■ **Task brief**:
Would you restate the entries below word for word, leaving out the images?

■ **Supplied records**:
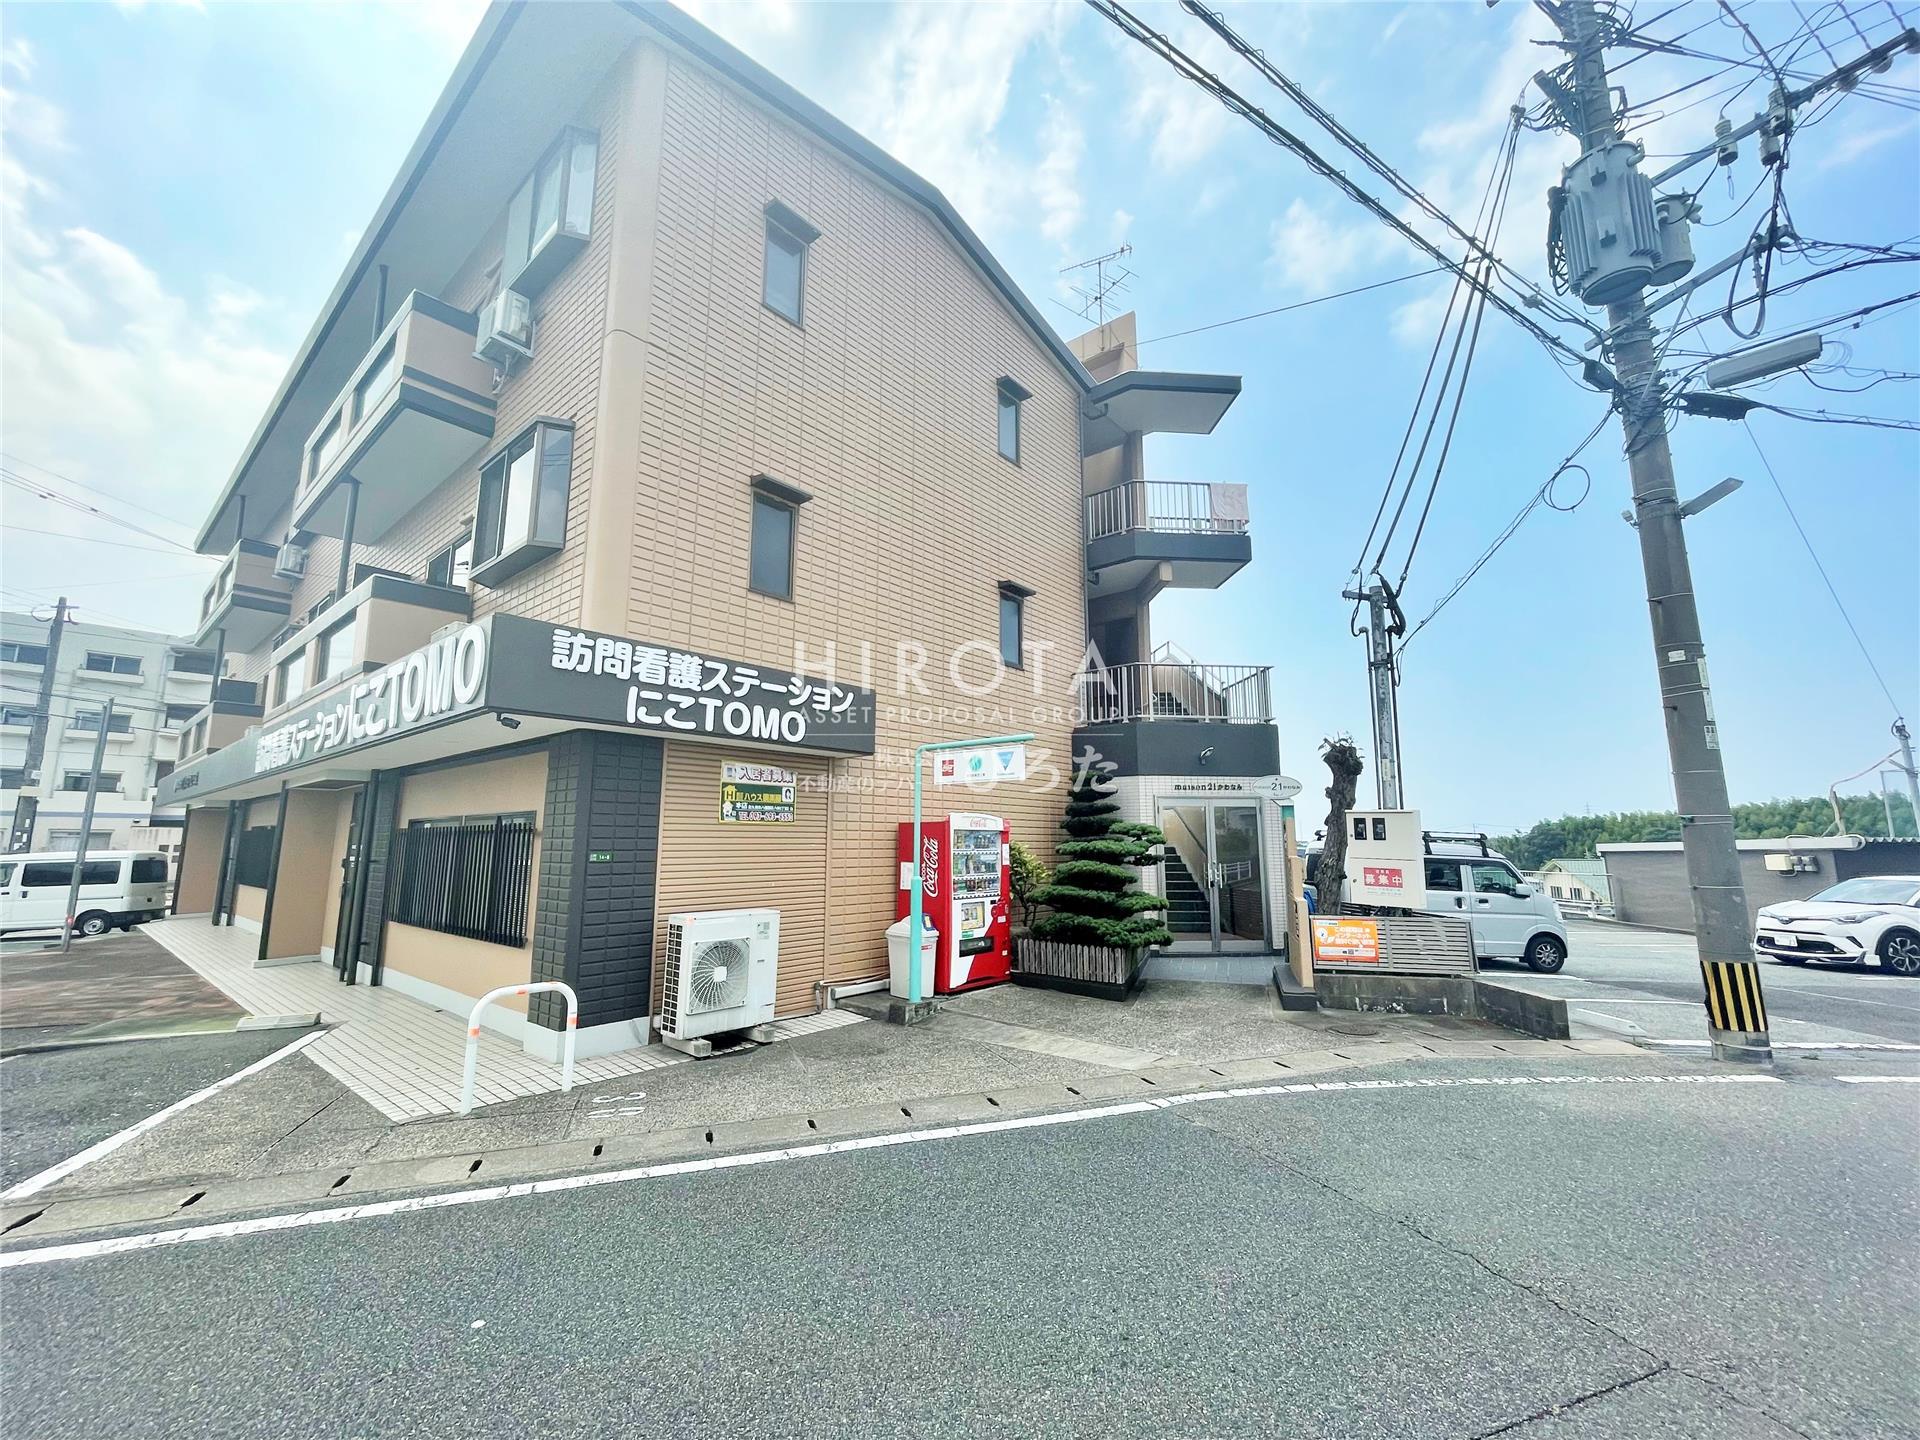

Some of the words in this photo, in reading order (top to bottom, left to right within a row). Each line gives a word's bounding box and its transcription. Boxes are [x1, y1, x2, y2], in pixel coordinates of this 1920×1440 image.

[552, 628, 855, 713] 訪問看護ステーション
[626, 685, 806, 743] にこTOMO
[1271, 782, 1284, 791] 21
[923, 834, 939, 898] Coca-Cola
[1365, 873, 1402, 887] 募集中
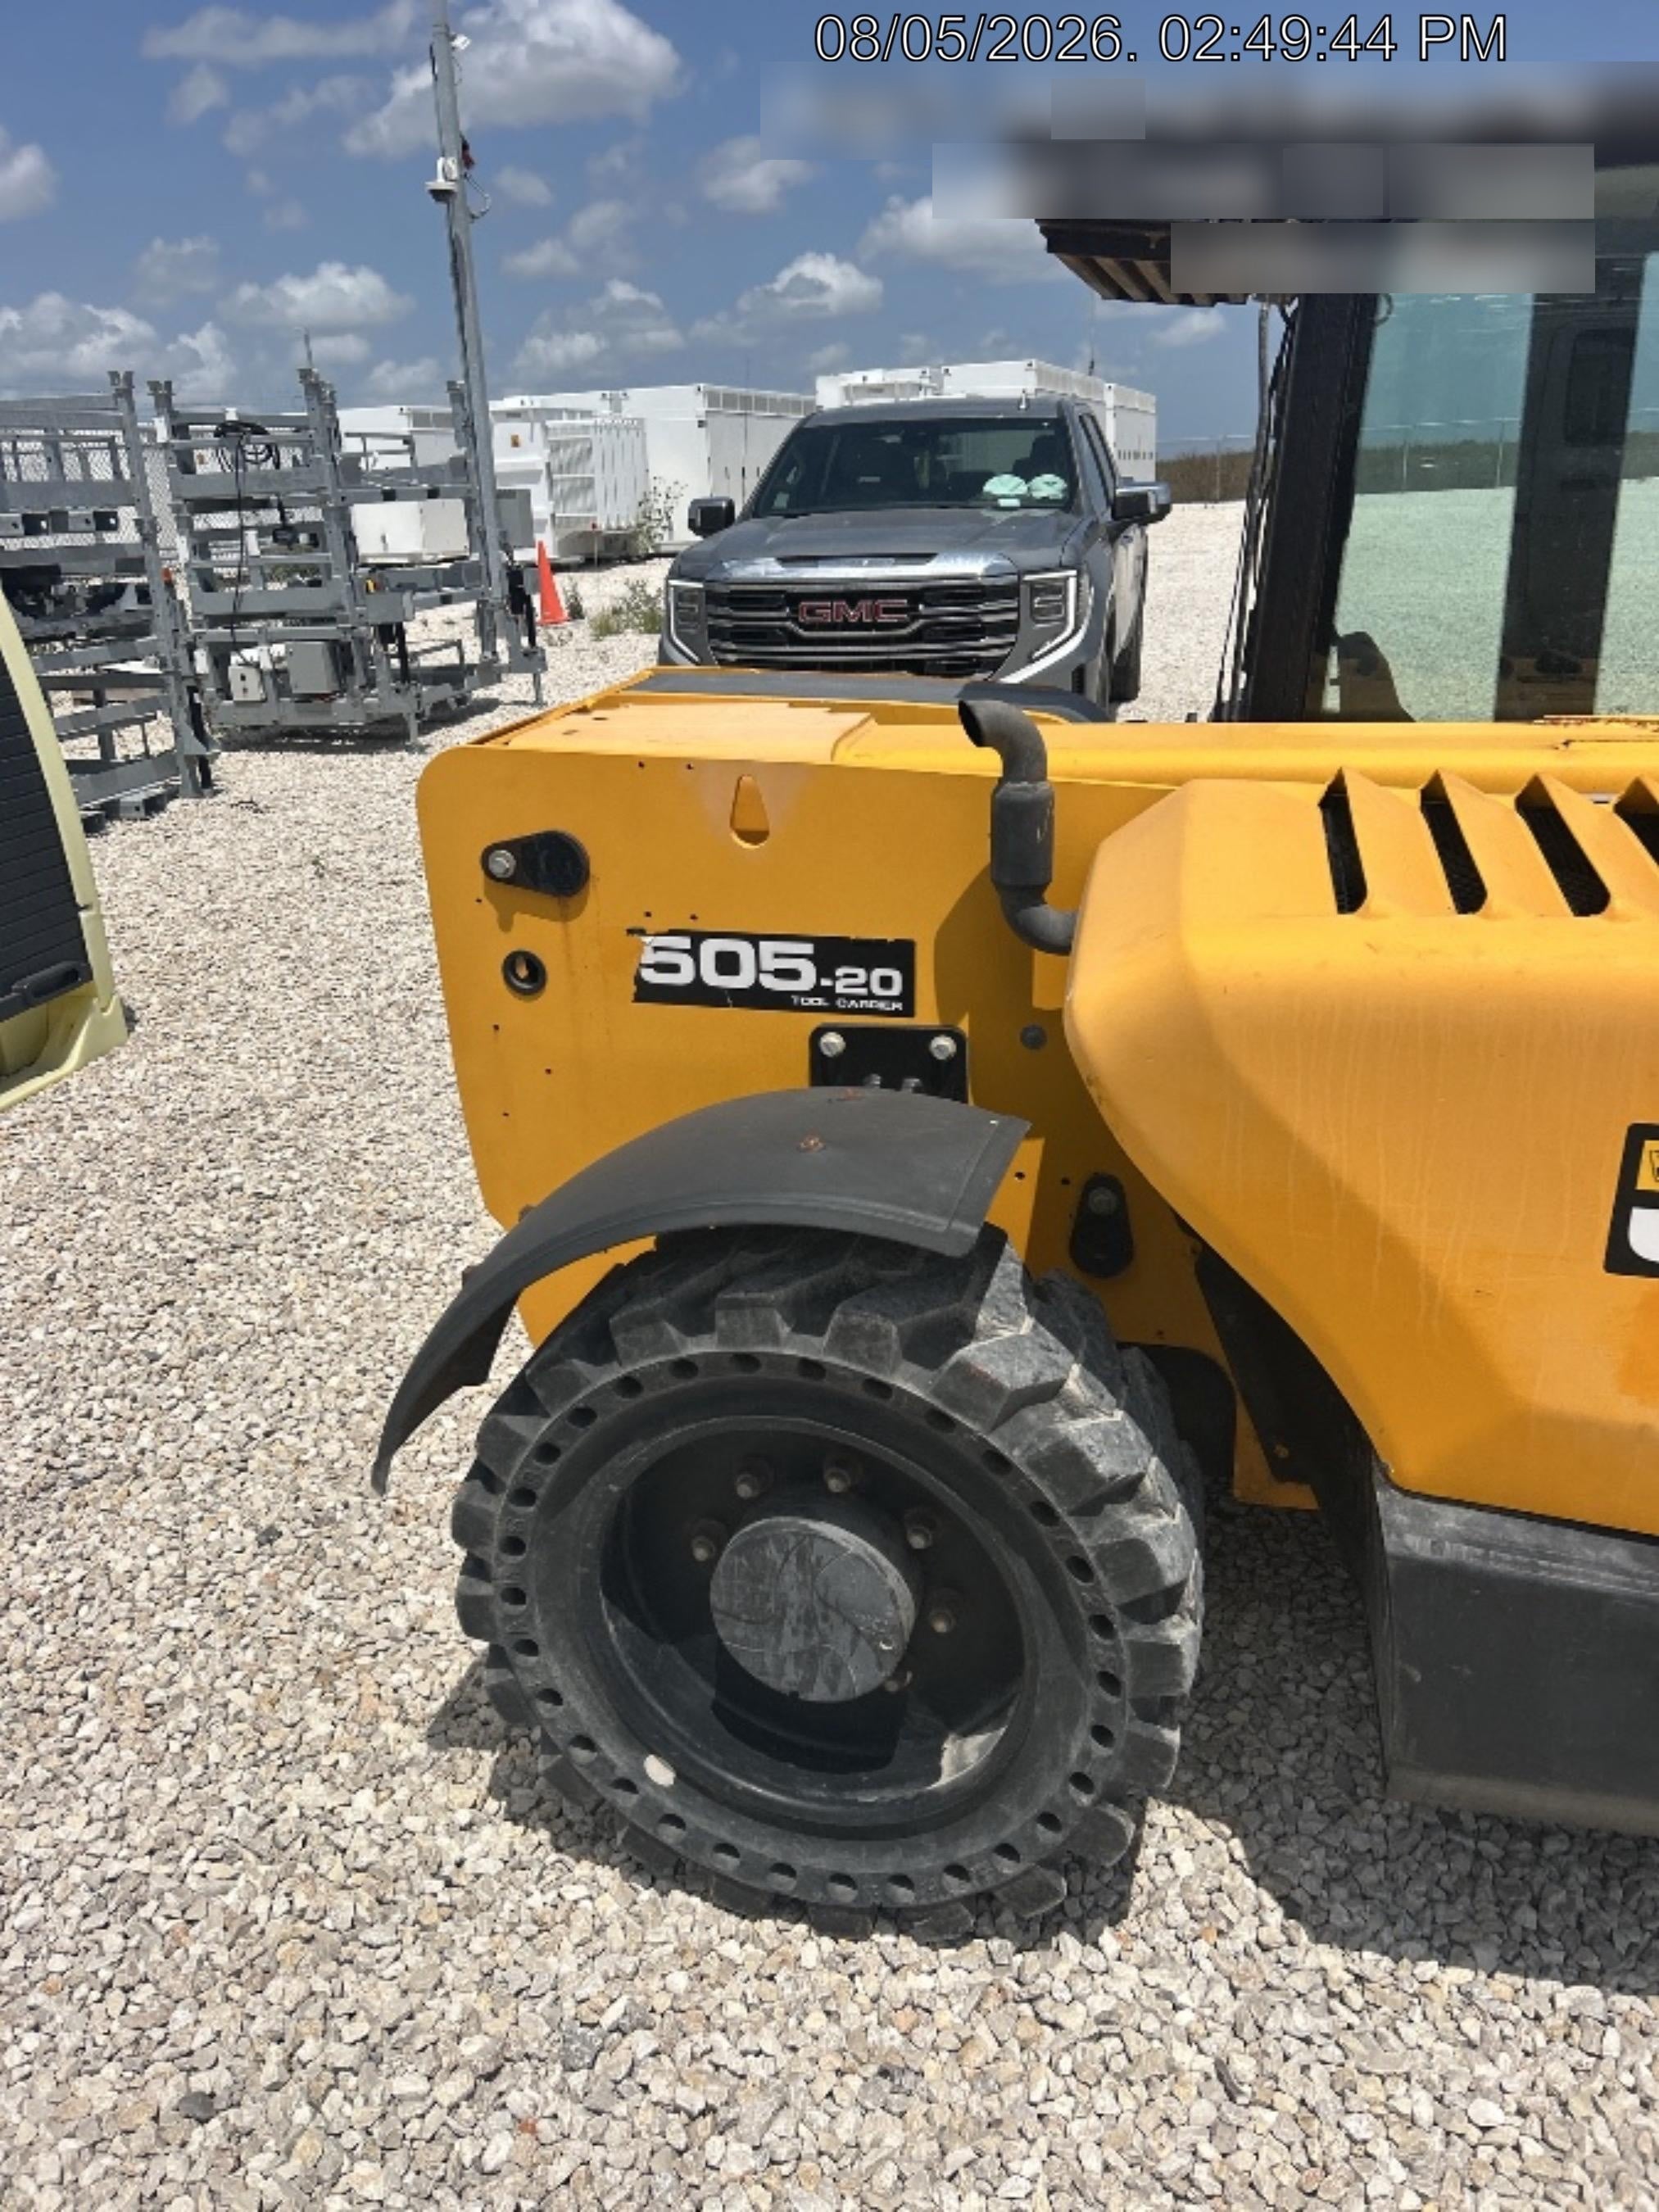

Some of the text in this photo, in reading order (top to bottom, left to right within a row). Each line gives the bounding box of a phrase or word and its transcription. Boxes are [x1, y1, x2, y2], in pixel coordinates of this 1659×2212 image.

[798, 599, 909, 623] GMC
[640, 935, 903, 997] 505-20
[790, 995, 830, 1007] TOOL

■ **Problem solution**:
Some of the words in this photo, in reading order (top to bottom, left to right within a row). Each line gives a word's bounding box and its transcription. Boxes are [x1, y1, x2, y2], in pixel coordinates of this 1920×1440 image.

[552, 628, 855, 713] 訪問看護ステーション
[626, 685, 806, 743] にこTOMO
[1271, 782, 1284, 791] 21
[923, 834, 939, 898] Coca-Cola
[1365, 873, 1402, 887] 募集中

Some of the text in this photo, in reading order (top to bottom, left to right within a row). Each line gives the bounding box of a phrase or word and its transcription. Boxes are [x1, y1, x2, y2], in pixel coordinates of this 1659×2212 image.

[798, 599, 909, 623] GMC
[640, 935, 903, 997] 505-20
[790, 995, 830, 1007] TOOL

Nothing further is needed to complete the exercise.